Making the most of a global research community and vast resource
Back in 2020, we found ourselves discussing TIN in a London pub and realised that we could estimate TIN contamination levels by tracking clonal somatic variants in the normal sample. Our recently published MOBSTER machine learning model for sub-clonal deconvolution from WGS (Nature Genetics 52, 2020) seemed the right tool to identify clonal somatic variants based on their variant allele frequency.
Following these conversations, we made the most of our WGS data for haematological tumours that was generated as a part of 100,000 Genomes Project, to develop a new computational open-source tool called TINC (https://caravagnalab.github.io/TINC/). TINC uses the principles of tumour evolution to estimate the level of TIN contamination from WGS assays, and generates a score for the percentage of tumour cells in the tumour and the normal sample. This score is simple to interpret, and can be computed automatically by integrating different data types. It allows an informed decision-making process regarding variant interpretation and reporting, or alternative variant calling procedures.
We were then able to do extensive testing and validate TINC using real-world patient data from the 100,000 Genomes Project stored in the National Genomic Research library. This data can be accessed by any approved researchers in our global research community, known as the Genomics England Research Network (see these instructions on how to join).

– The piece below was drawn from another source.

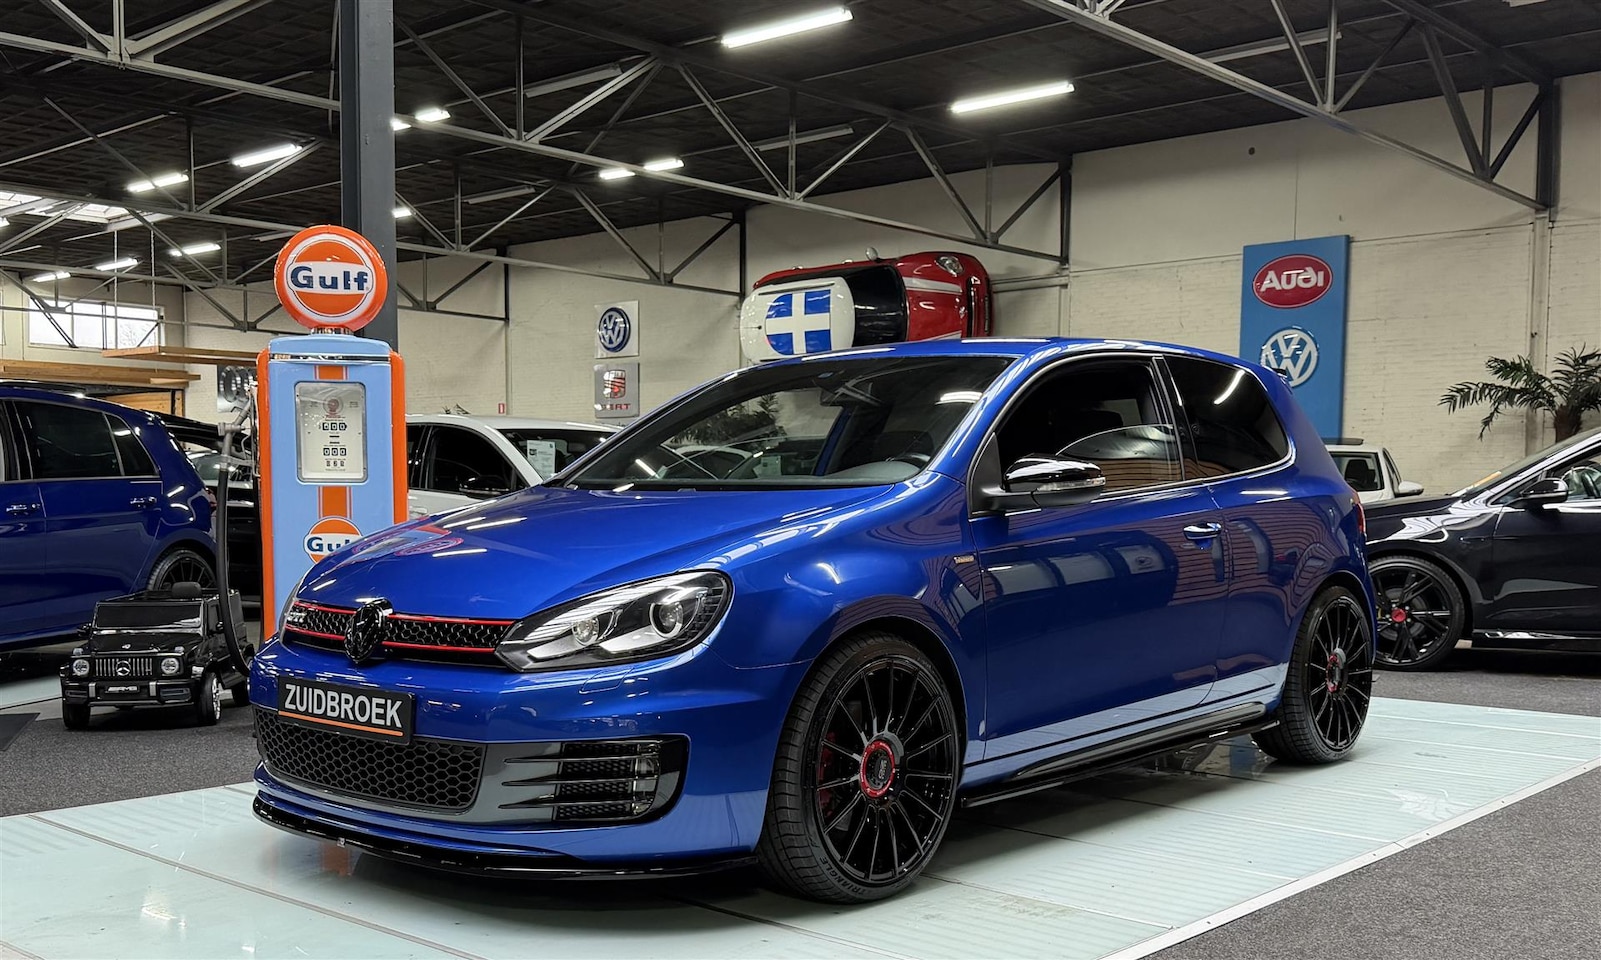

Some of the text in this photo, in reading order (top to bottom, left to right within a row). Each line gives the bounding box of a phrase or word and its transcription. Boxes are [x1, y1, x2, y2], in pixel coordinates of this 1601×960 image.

[290, 266, 368, 290] Gulf
[284, 684, 402, 728] ZUIDBROEK
[820, 857, 866, 895] TRIANGLE

Working with our long-term collaborator Dr Jack Bartram, a leading consultant paediatric haematologist at Great Ormond Street Hospital, we were also able to validate TINC against standard disease-monitoring technologies for minimal residual disease testing. Now, our TINC tool is implemented in a clinically accredited bioinformatics pipeline for WGS tumour analysis at Genomics England, helping to identify contaminated normal samples. When TIN is detected, the pipeline which is optimised to process haematological tumours, uses alternative variant-detection strategies to ensure highly sensitive performance.
The wider impact of our work
By combining expertise in bioinformatics and machine learning from scientific experts at Genomics England and the Cancer Data Science Laboratory of the University of Trieste, with testing in clinical settings we’ve been able to create a tool with real-world impact for clinicians using WGS data to diagnose and treat patients with cancer.
Our TINC tool has now been implemented in a clinically accredited bioinformatics pipeline used by Genomics England for WGS tumour analysis to support the NHS, helping to identify contaminated normal samples and ensure high accuracy of variant calls generated from WGS data.
Together, this work Is a shining example of how open science, fuelled by high-quality data and collaborative innovation, can lead to transformative advancements in clinical care.
Follow the Topic
-
Nature Communications
An open access, multidisciplinary journal dedicated to publishing high-quality research in all areas of the biological, health, physical, chemical and Earth sciences.
Related Collections
With collections, you can get published faster and increase your visibility.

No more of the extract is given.